Others like Marie, Hide and seek and Monaco also sell in huge amounts.
However, Britannia has some power house products in its portfolio like
Bourbon, good day, little hearts, 50 50 and others. The competition amongst
these two brands is evident when each has a variant of Marie biscuits. Parle’s is
known as “Marie” and Britannia’s is known as “Marie gold”

SUBSTITUE PRODUCTS:
There are numerous substitutes to chocolate product that transcend by consumer
categories. Based on these result, it can be determined that the threat of
substitutes in FMCG industry for biscuit products is high. Furthermore, other
product substitutes that can be threatening the biscuit industry including non-
biscuit snacks such as biscuits, crisps, frozen dairy products, savoury snacks.
These snacks pose a threat as indulgent foods are based purely on consumer
preference. Frequently, customer purchase substitutes product to seek
alternatives from obesity due the biscuit products. For example, for those
customers with a sweet tooth taste are preferred to purchase both fresh products
such as dried fruit and yoghurt and who favour savoury snacks they like to eat
popcorn, nuts, rice cakes and seeds.

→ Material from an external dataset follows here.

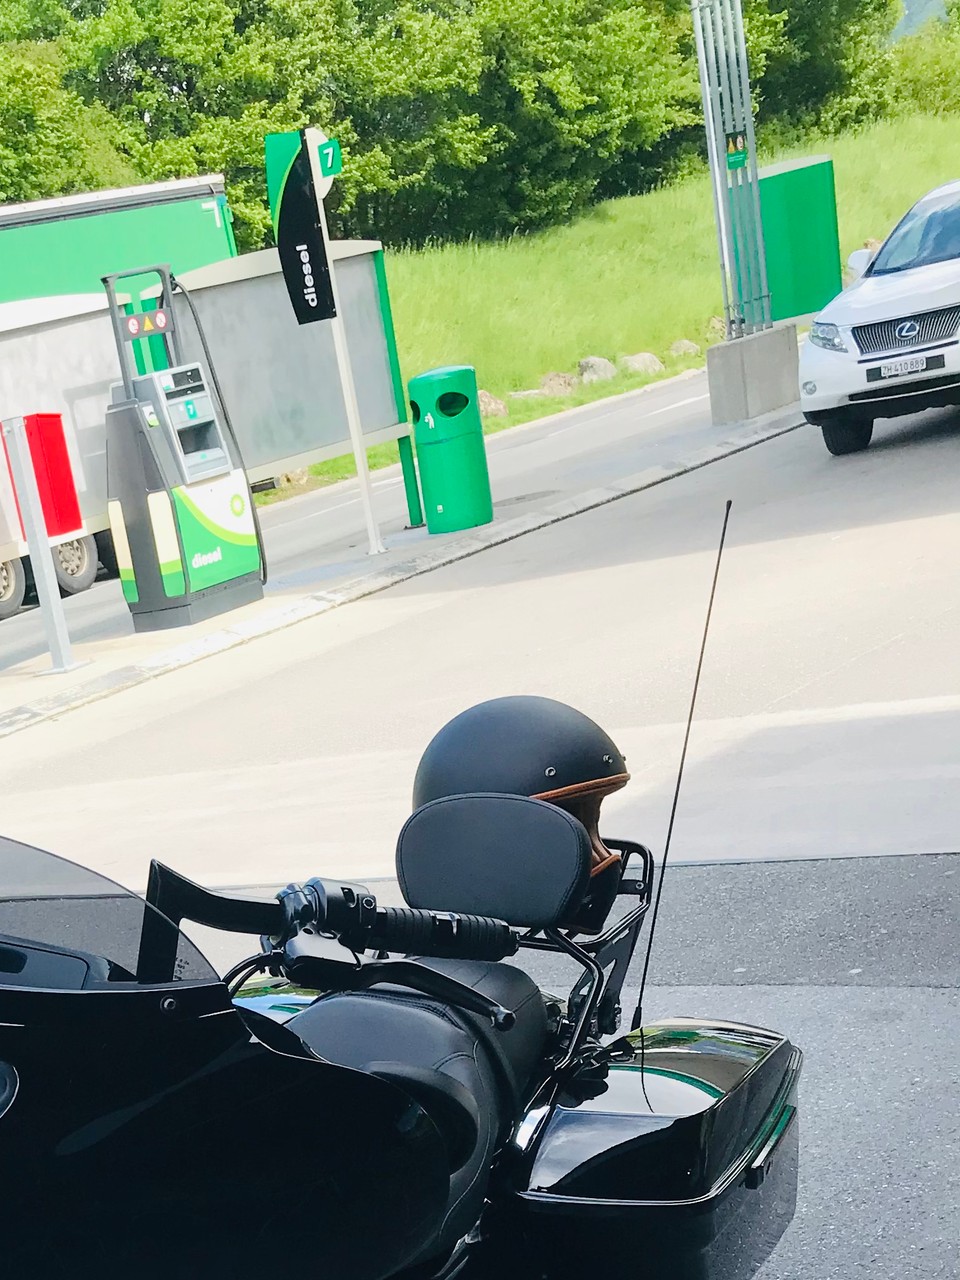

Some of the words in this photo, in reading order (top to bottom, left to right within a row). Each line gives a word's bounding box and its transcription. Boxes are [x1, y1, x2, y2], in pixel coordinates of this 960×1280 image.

Moreover, as we know biscuit also have
advantages for our health with supply energy in body. In this context,
competitors can implement new product that provide energy by increasing
insulin level with water such as energy drinks also can be considered substitutes
as they have similar affects as chocolate. So the Parle sets its prices to an extent
that it sustains in the market.

TARGET CUSTOMERS:

Parle mainly focusses upon targeting people from rural and semi-urban areas.
The target market segment is from people of middle income age groups.
Consumers of parle are from all age groups. Thus, it aims at catering to the
needs of market that occupies people from low/mediocre disposable incomes.